What are the costs of refinancing?
Because you’re taking out a new mortgage, you’ll have to pay some or all of the same costs associated with your original mortgage. For example:
- Application fee for the cost of loan processing and credit checks
- Origination fee for loan preparation
- Appraisal fee for the assessment of your home’s market value
- Closing costs cover a variety of expenses, which will be itemized on your closing cost worksheet.
The costs of refinancing can be exceeded by the savings on the interest you would have paid–if you plan to stay in the house long enough for that to happen. Use our mortgage calculators to compare different loan scenarios.
5 reasons to refinance
While lowering your interest rate may be the main motivator for many homeowners, it’s not the only type of refinance.
- Cash-out refinance: Borrow more than you currently owe to get cash back for renovations, debt consolidation, or other reasons.
- Change loan term: Switch to a shorter term to pay your mortgage off faster, or a longer-term to lower your monthly payment.

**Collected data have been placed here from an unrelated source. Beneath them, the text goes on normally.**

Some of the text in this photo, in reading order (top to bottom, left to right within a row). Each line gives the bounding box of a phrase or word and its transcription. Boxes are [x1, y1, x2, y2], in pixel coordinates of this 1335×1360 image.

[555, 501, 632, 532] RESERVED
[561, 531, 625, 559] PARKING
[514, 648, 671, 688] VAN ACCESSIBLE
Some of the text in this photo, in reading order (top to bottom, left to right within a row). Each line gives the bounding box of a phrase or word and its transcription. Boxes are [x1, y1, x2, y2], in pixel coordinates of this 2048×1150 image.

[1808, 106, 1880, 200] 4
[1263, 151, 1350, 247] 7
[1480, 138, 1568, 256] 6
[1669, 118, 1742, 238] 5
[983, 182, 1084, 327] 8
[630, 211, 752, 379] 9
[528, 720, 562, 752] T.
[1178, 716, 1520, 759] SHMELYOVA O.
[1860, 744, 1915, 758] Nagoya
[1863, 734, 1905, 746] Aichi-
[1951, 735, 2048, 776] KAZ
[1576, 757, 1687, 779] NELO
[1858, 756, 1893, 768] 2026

- Lock in a low rate: When average rates fall to historic lows, many homeowners want to “lock-in” the low rate before they start to rise again.

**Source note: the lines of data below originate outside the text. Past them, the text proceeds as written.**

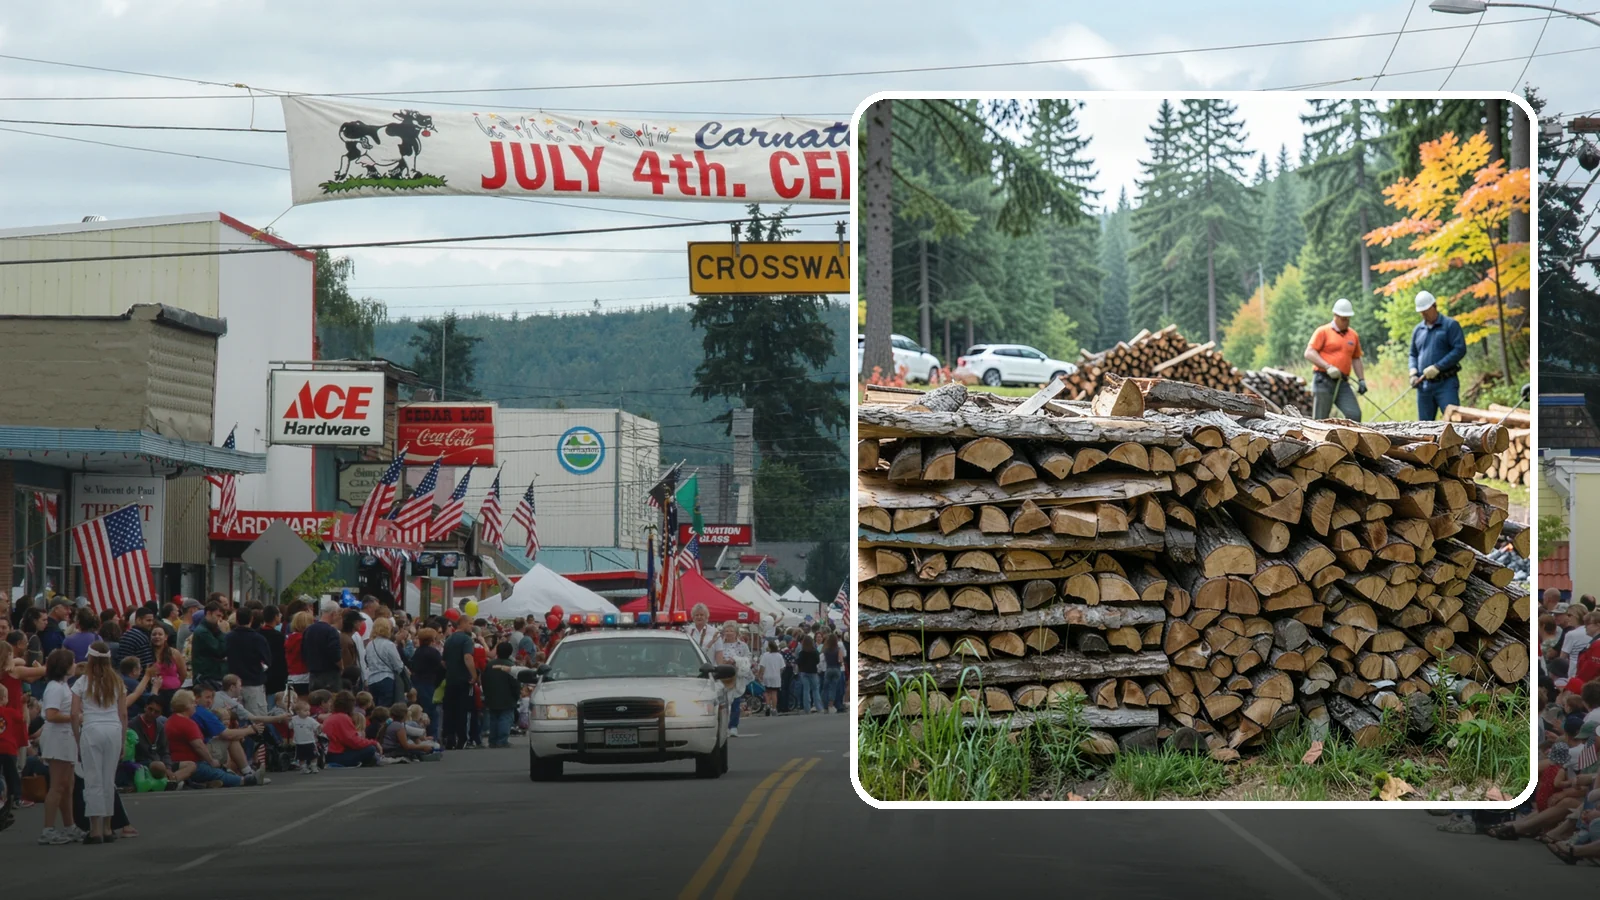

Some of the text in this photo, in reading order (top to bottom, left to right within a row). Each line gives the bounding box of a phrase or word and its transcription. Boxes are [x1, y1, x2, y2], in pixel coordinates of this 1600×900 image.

[481, 140, 605, 195] JULY
[631, 150, 746, 198] 4th.
[696, 254, 850, 280] CROSSWA
[282, 379, 374, 420] ACE
[405, 408, 485, 422] CEDAR LOG
[283, 421, 371, 437] Hardware
[416, 428, 477, 447] Coca-Cola
[353, 467, 385, 480] Simpl
[83, 485, 155, 496] St. Vincent de Paul
[688, 526, 742, 536] CRNATION
[699, 535, 731, 544] GLASS

- Switch loan type: It’s popular to sign up for an adjustable-rate mortgage (ARM) to take advantage of introductory rates, then switch to a fixed-rate loan to lock in a low rate and enjoy consistent monthly payment amounts.

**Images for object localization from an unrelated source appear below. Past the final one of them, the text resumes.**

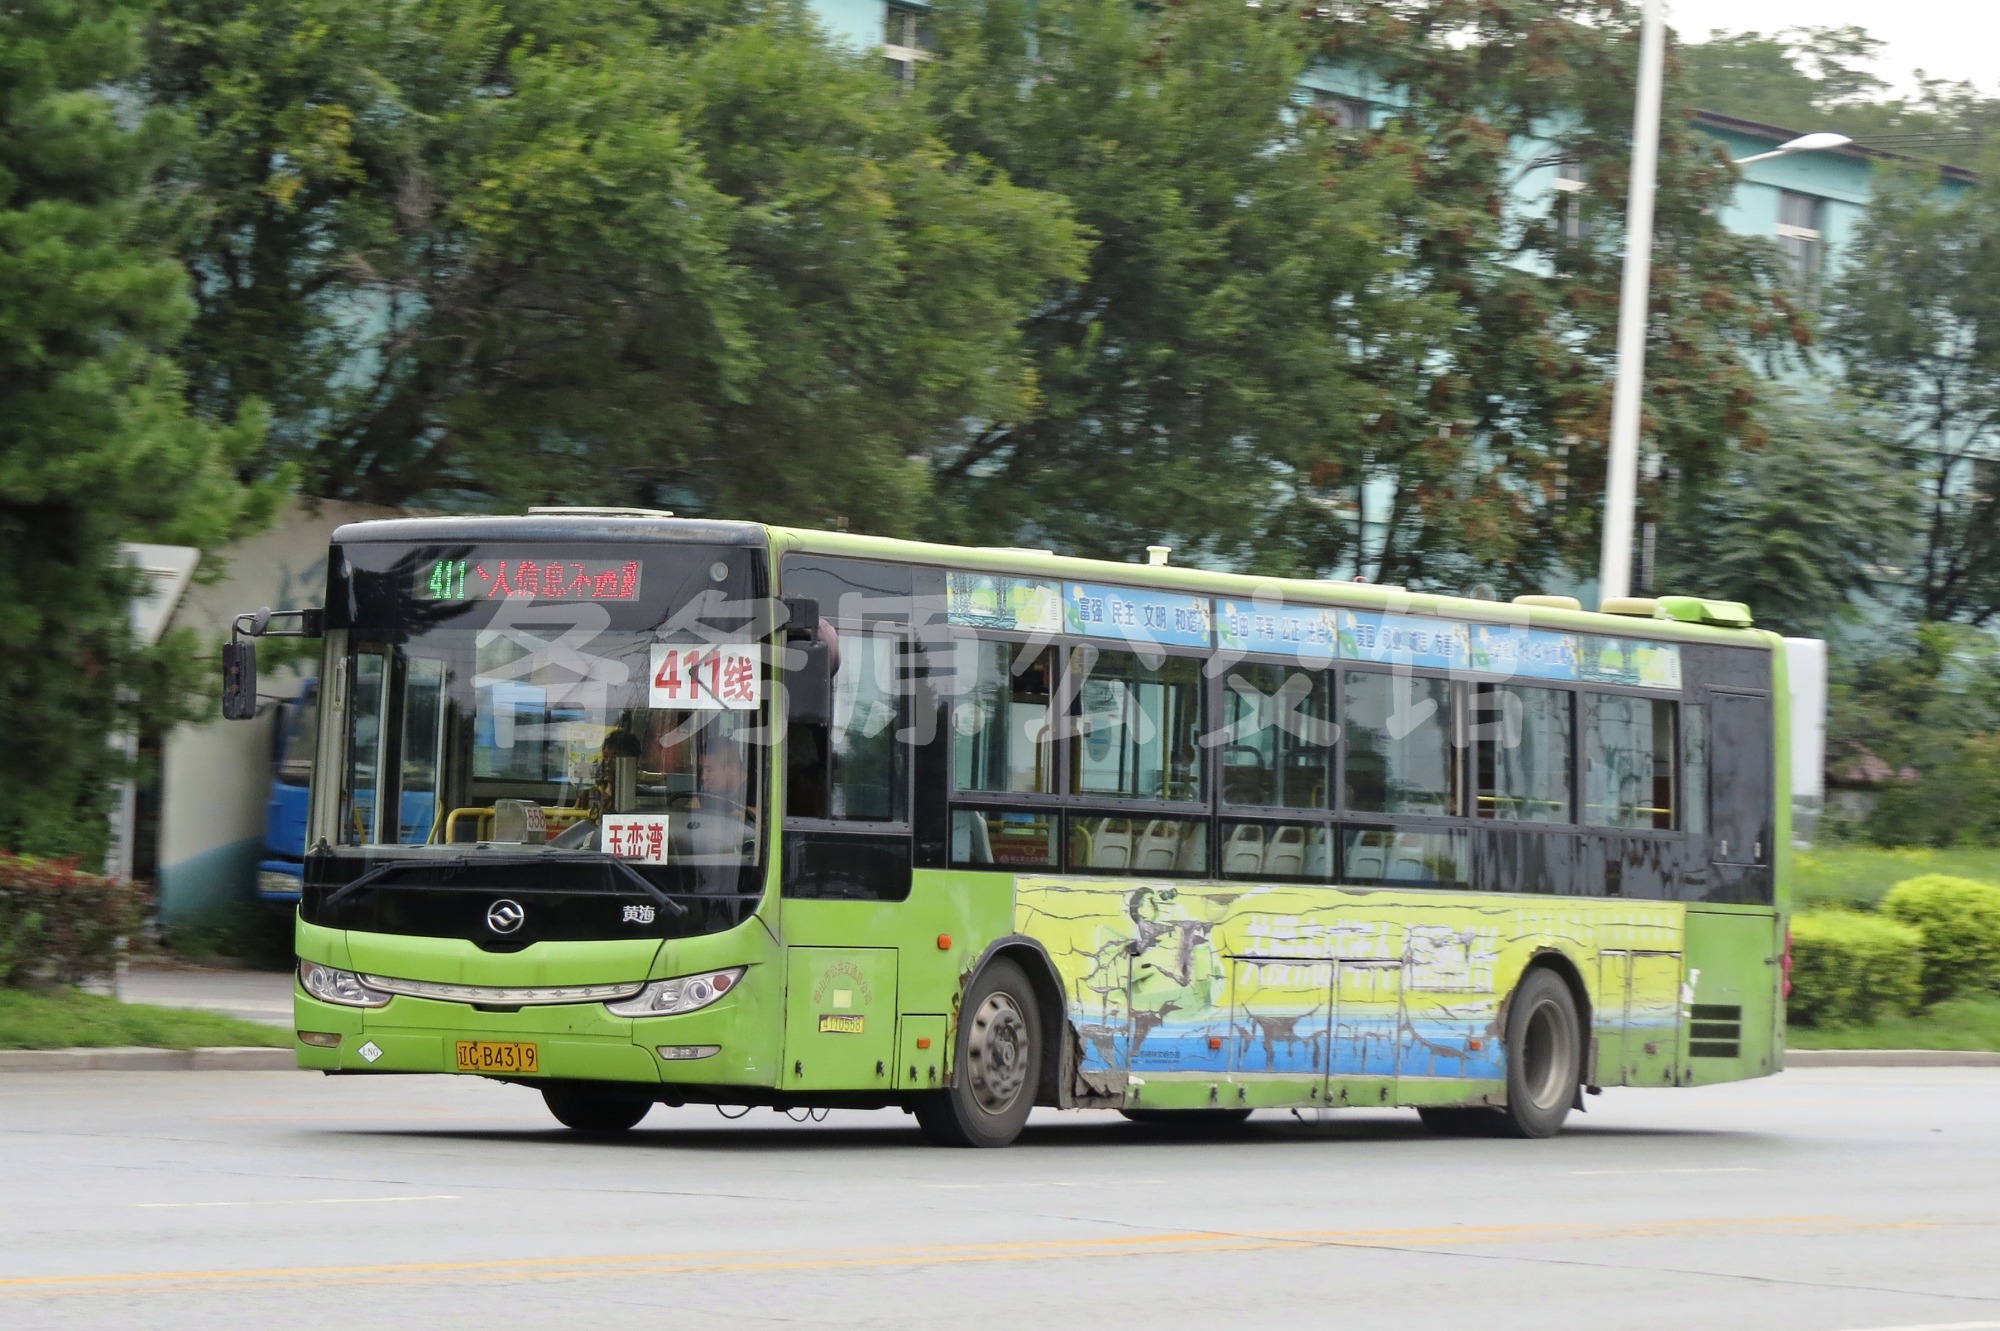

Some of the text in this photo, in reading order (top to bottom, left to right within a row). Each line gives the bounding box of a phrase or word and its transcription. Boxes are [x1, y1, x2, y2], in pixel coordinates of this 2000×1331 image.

[430, 561, 466, 599] 411
[1079, 597, 1104, 624] 富强
[1112, 601, 1135, 626] 民主
[1144, 604, 1167, 630] 文明
[1175, 608, 1199, 634] 和谐
[1230, 614, 1249, 638] 自由
[655, 650, 754, 702] 411线
[528, 809, 546, 829] 558
[623, 905, 656, 924] 黄海
[362, 1046, 380, 1058] LNG

- Dump your PMI: Private mortgage insurance (PMI) is generally required on FHA loans as well as conventional mortgages with less than 20% equity. So you could refinance from an FHA to a different loan type, and/or “bring money to the table” to get your mortgage principal below that 20% threshold.
What are the advantages of refinancing?
Figure out what you hope to gain from refinancing by reviewing these potential benefits:
- Lower your monthly mortgage payment. There are several ways to accomplish this including a longer term, lower interest rate, and/or eliminating PMI.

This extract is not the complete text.